WHAT IS BEING ASKED: Render every line of the data exactly as written, and leave out the pictures.

RECORDS TO PROCESS:
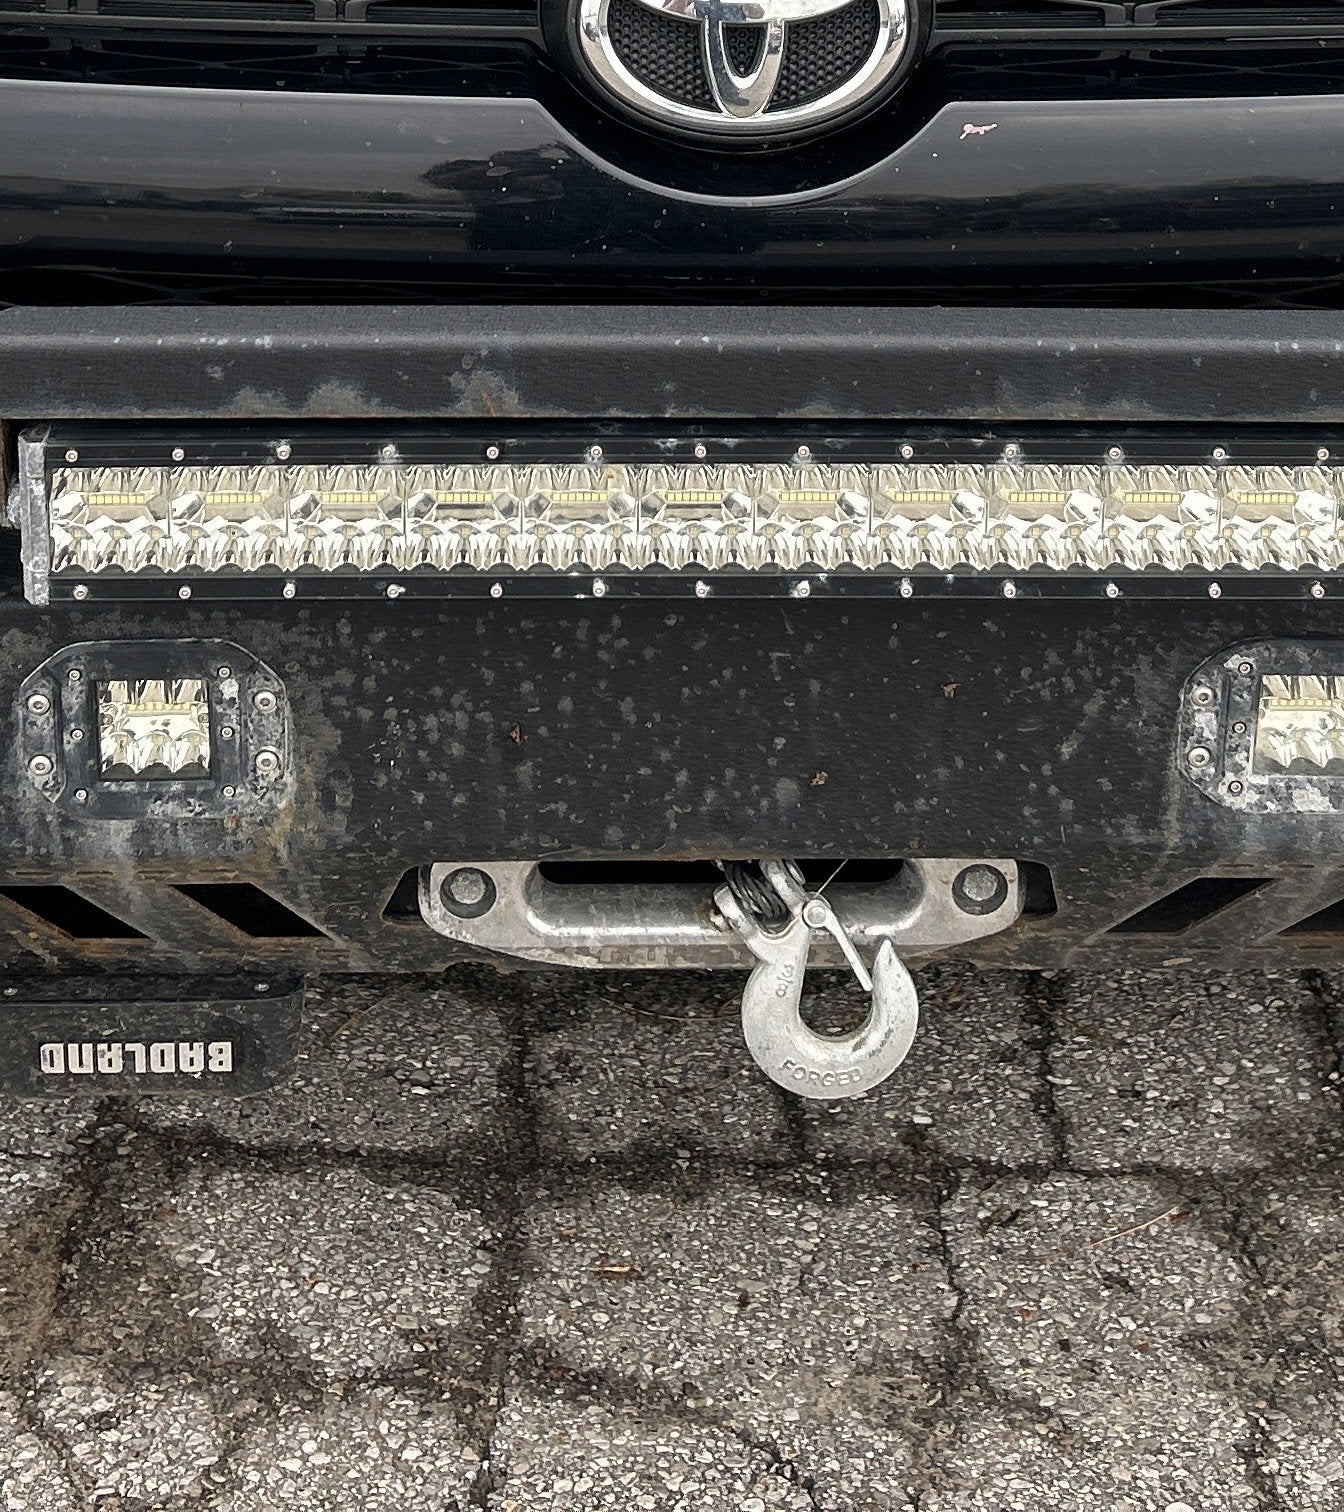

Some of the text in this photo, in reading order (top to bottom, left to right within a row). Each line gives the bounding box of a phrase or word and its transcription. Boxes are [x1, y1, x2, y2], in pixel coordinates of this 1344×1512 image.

[775, 963, 795, 999] 3/8
[39, 1041, 234, 1075] BADLAND
[779, 1057, 862, 1086] FORGED
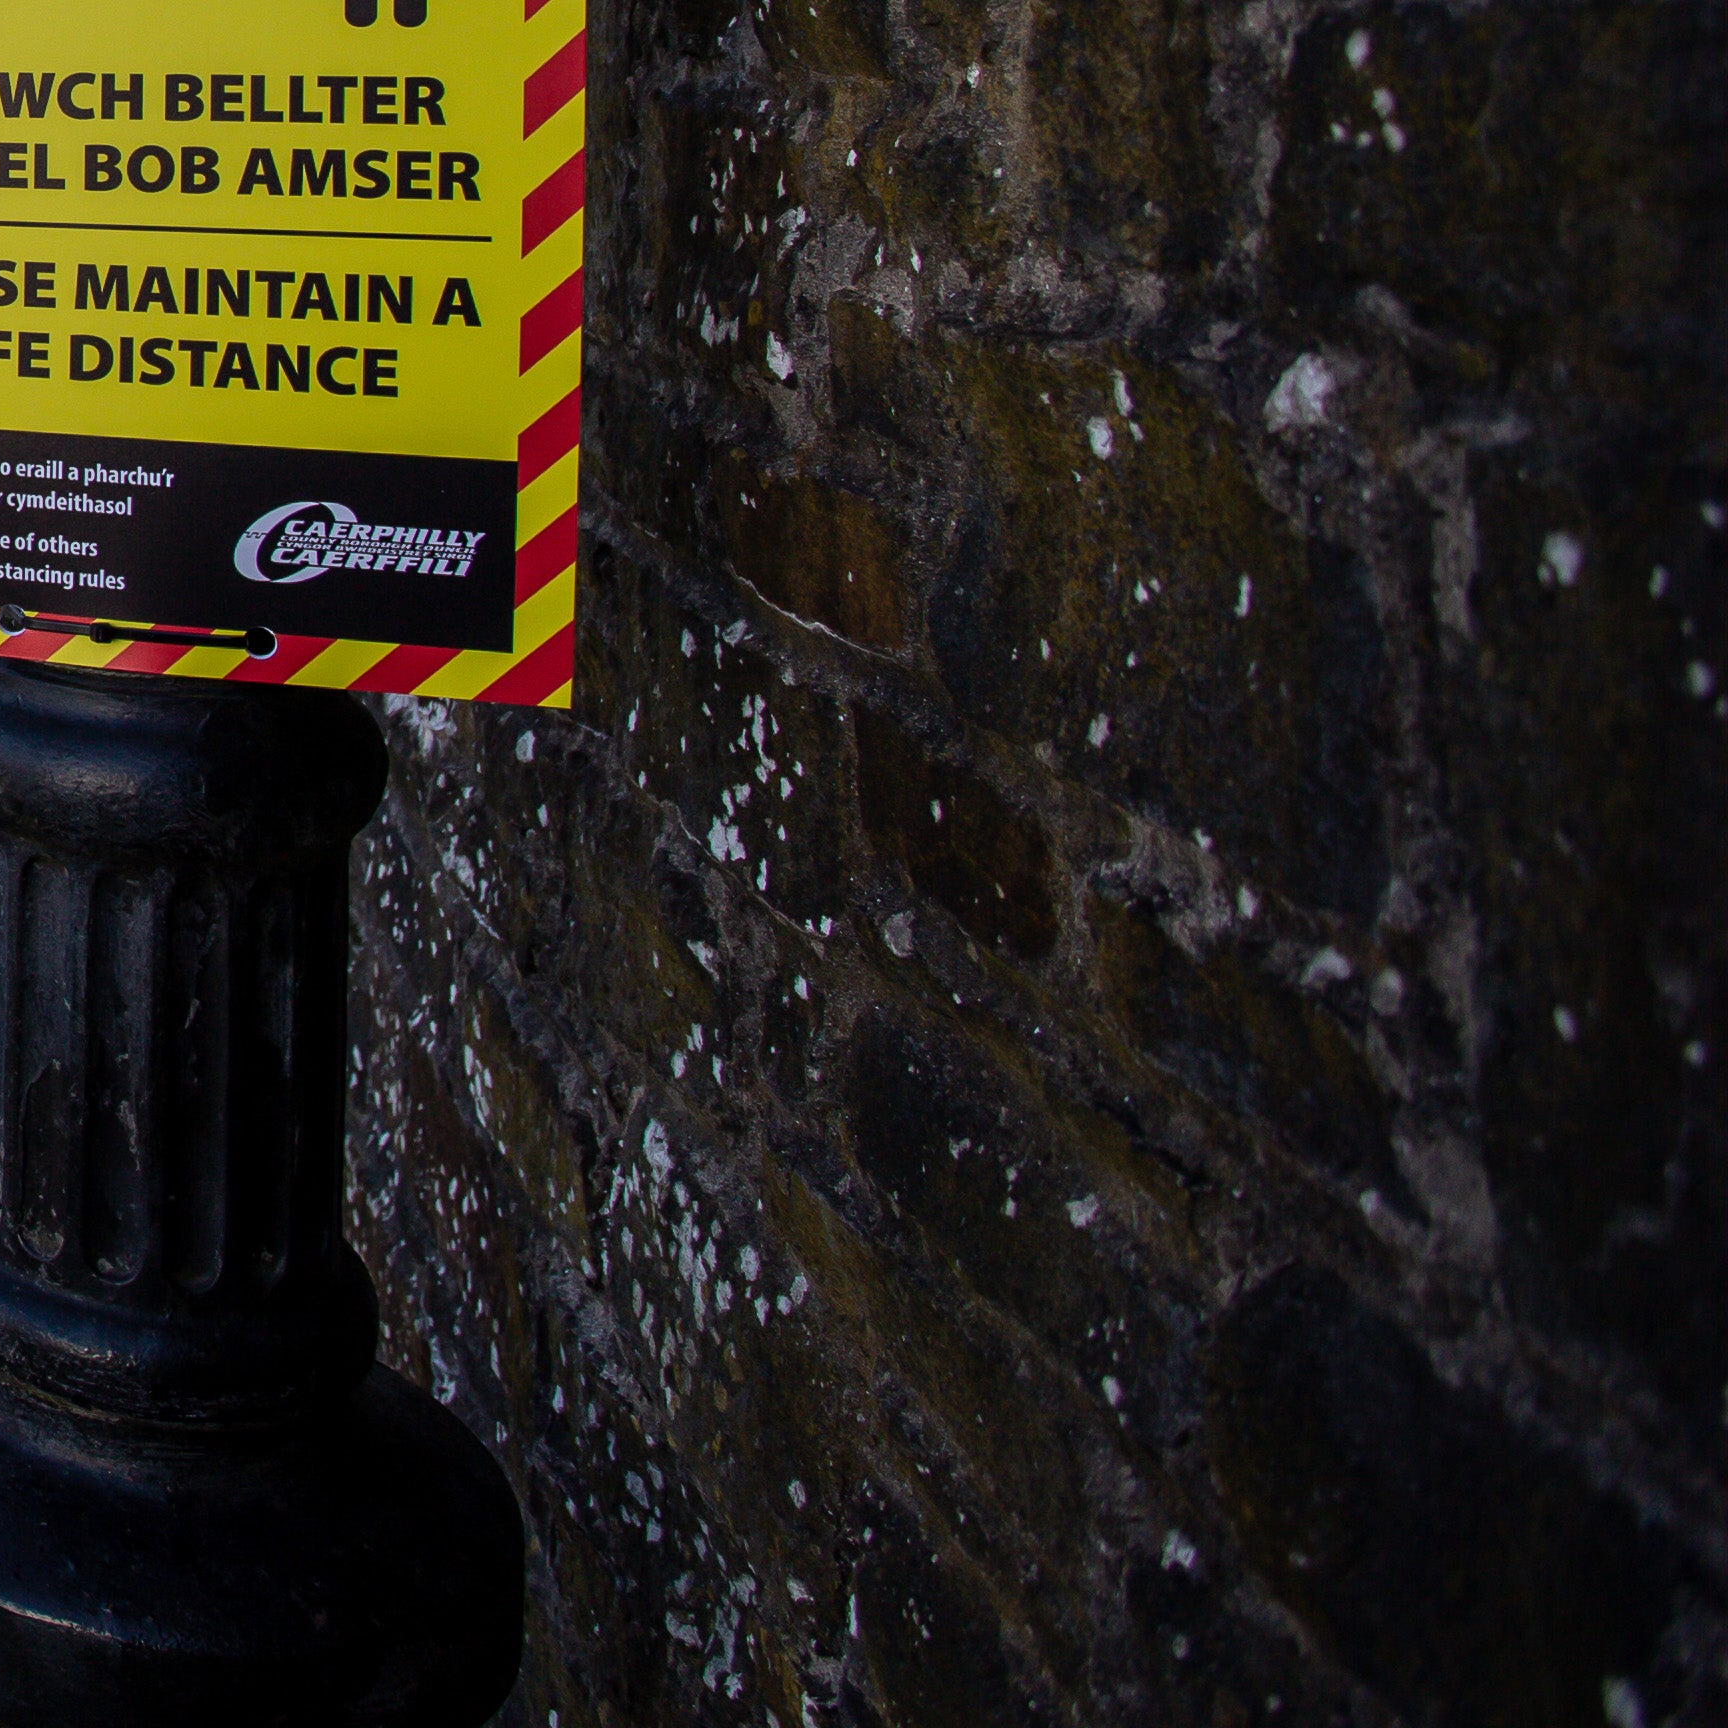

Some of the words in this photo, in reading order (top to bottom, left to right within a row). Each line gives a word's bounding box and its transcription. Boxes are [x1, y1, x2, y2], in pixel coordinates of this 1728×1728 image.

SOLVED EXERCISE:
Some of the text in this photo, in reading order (top to bottom, left to right within a row). Each line gives the bounding box of a phrase or word and its transcription. Boxes are [x1, y1, x2, y2], in pixel coordinates of this 1344×1512 image.

[775, 963, 795, 999] 3/8
[39, 1041, 234, 1075] BADLAND
[779, 1057, 862, 1086] FORGED

Some of the words in this photo, in reading order (top to bottom, left to right within a row). Each line gives a word's bounding box and its transcription. Boxes are [x1, y1, x2, y2], in pixel coordinates of this 1728×1728 image.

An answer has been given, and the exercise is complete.